Fearful Symmetries

Witness a machine turn coffee into pointless ramblings...

22 January, 2006


A co-worker of mine is from Russia and she recently told me that she's going back there next month to visit family and friends. I told her that I was jealous as I'd love to go to Mother Russia so she invited me along! Alas and alack, I don't have the vacation time for such a venture. Instead, I asked that she bring me back some vodka and some Russian chocolate because she's always telling me how good it is. We started talking about Russia generally and the conversation turned to film. She told me that the film which most accurately captures Russian culture and the Russian way of doing things is Sibirskiy tsiryulnik (The Barber of Siberia). It's not available here in the States but she's vowed to get me a copy in Chelyabinsk, her hometown.

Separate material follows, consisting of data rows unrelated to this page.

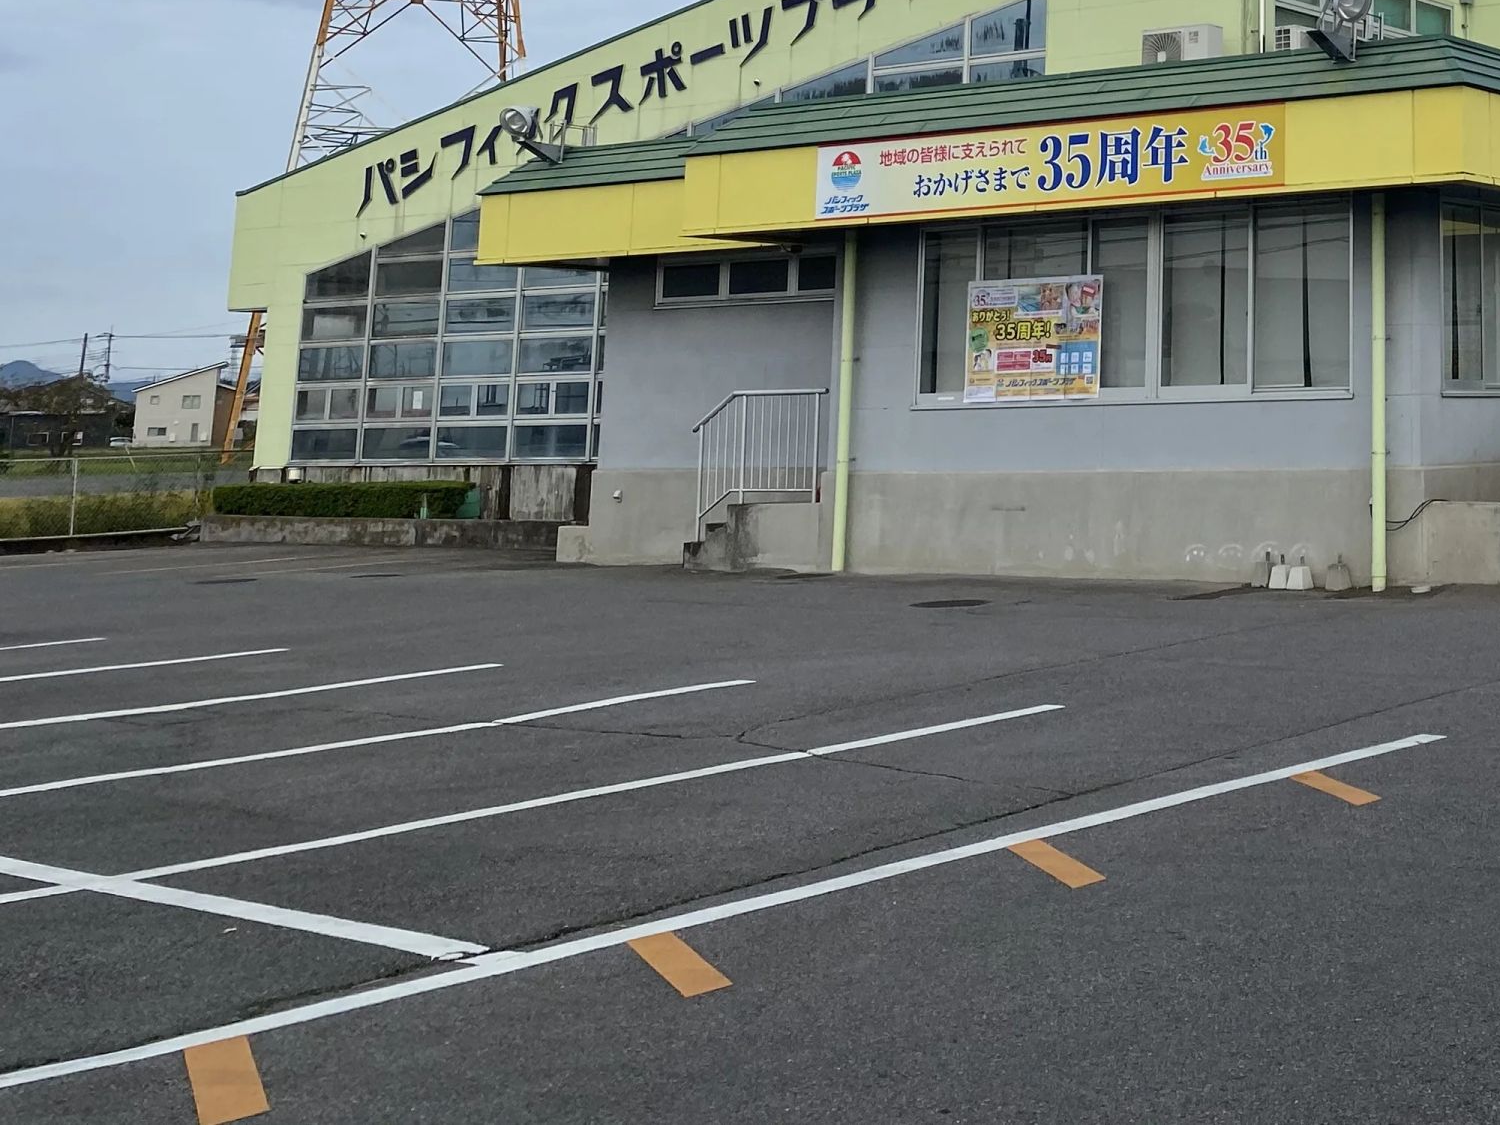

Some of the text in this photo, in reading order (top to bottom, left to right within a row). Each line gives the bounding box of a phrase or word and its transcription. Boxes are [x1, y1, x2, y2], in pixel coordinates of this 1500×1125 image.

[880, 138, 1028, 166] 地域の皆様に支えられて
[913, 126, 1190, 198] おかげさまで 35周年
[1204, 163, 1271, 176] Anniversary
[824, 194, 864, 205] パシフィック
[820, 203, 870, 214] スポーツプラザ
[971, 309, 1011, 323] ありがとう!
[995, 320, 1052, 341] 35周年!
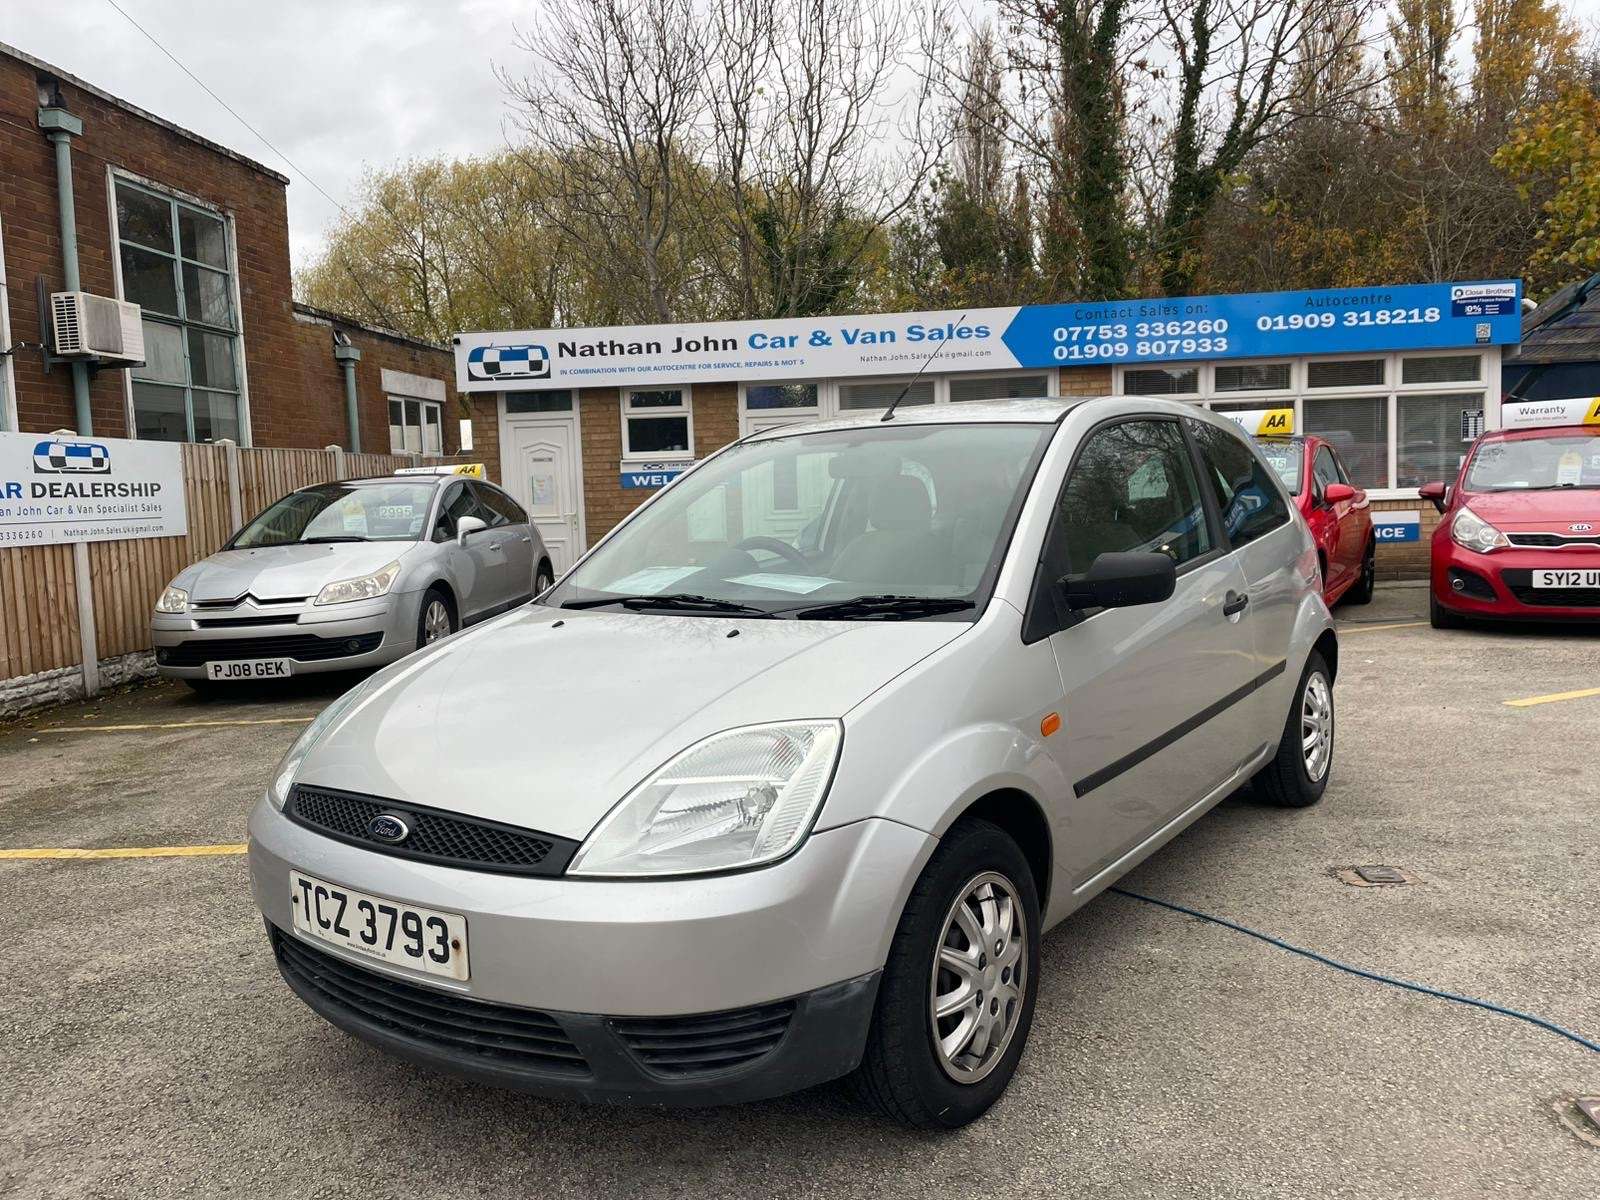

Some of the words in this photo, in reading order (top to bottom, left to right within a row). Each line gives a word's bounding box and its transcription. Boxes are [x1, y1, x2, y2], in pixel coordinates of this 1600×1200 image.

Never having heard of the place, I decided to learn more about it. Chelyabinsk's home page says:

Chelyabinsk is the major industrial, scientific, and cultural center of the southern Ural. The city is located on the eastern slope of the Ural Mountains along the banks of the Miass River (the inflow of Iseti) and has geographical coordinates: 61°08'-61°17' east longitude, 55°03'-55°19' north latitude, bordered by pine forest to the west and to the north.

The relief of the city is slightly hilly in the west, gradually descending to the east and sectioned by the Miass River and narrows with lakes, and marshes. The banks of the Miass River are partly covered by woods and shrubs. The Miass flows past the Shershni reservoir, which lies in the southwest of the city. Other ponds surround Chelyabinsk: Pervoye to the northeast, and Smolino and Sineglazovo to the south. Ice bespreads rivers from the beginning of November to the midst of April. Its thickness runs up to 80 centimeter to the end of winter. Forest and groves around the city are mixed, generally piny and birchen.

Chelyabinsk first appeared as a military fortress on the 13th (2) of September in 1736 in the course of Russian colonization of the southern Urals. In 1781 Chelyabinsk gained status as a city, since 1934 it has been the center of Chelyabinsk Oblast.

Nowadays Chelyabinsk is one of major industrial centers of Russia. Metal products made here are well-known in all regions and republics of the former Soviet Union. Many countries throughout the world purchase them. This city produces nearly one-fifth of big-bore pipes, produced in the country, one-third of smelted ferroalloys and ball-bearing steel, over 60 per cent of stainless steel, and about 40 per cent of road-building machines. During World War II, famous Katyusha's and T-34 tanks were produced in Chelyabinsk. Not without reason it was named 'Tankograd' at that time.

So it's kinda like Pittsburgh. In my surfings, I also found this page for a documentary about the city and how it is supposedly "the most contaminated spot on the planet".

For forty-five years, Chelyabinsk province of Russia was closed to all foreigners. Only in January of 1992 did President Boris Yeltsin sign a decree changing that.Shortly afterwards, I made my first trip to this region, which later Western scientists declared to be the most polluted spot on earth.

The people of the area have suffered no less than three nuclear disasters: For over six years, the Mayak complex systematically dumped radioactive waste into the Techa River, the only source of water for the 24 villages which lined its banks.The four largest of those villages were never evacuated, and only recently have the authorities revealed to the population why they strung barbed wire along the banks of the river some 35 years ago. Russian doctors who study radiation sickness in the area estimate that those living along the Techa River received an average of four times more radiation than the Chernobyl victims.

I directed my co-worker to this site and here is her reaction:

That is hilarious!
I would have to show it to my friends :)
Partially it is true, about the closed region, and about the accident... but not as much as they say. Have to give a credit to a writer though - he sure did make a "story"

Perhaps it isn't as bad as the above would lead one to believe. I mean, my co-worker doesn't have two heads or webbed hands or any such malformation. In fact, she's quite pulchritudinous. She went on to tell me about towns in the area which are fenced in and require passes for ingress and egress. Communism may have collapsed but it sure ain't like Kansas over there.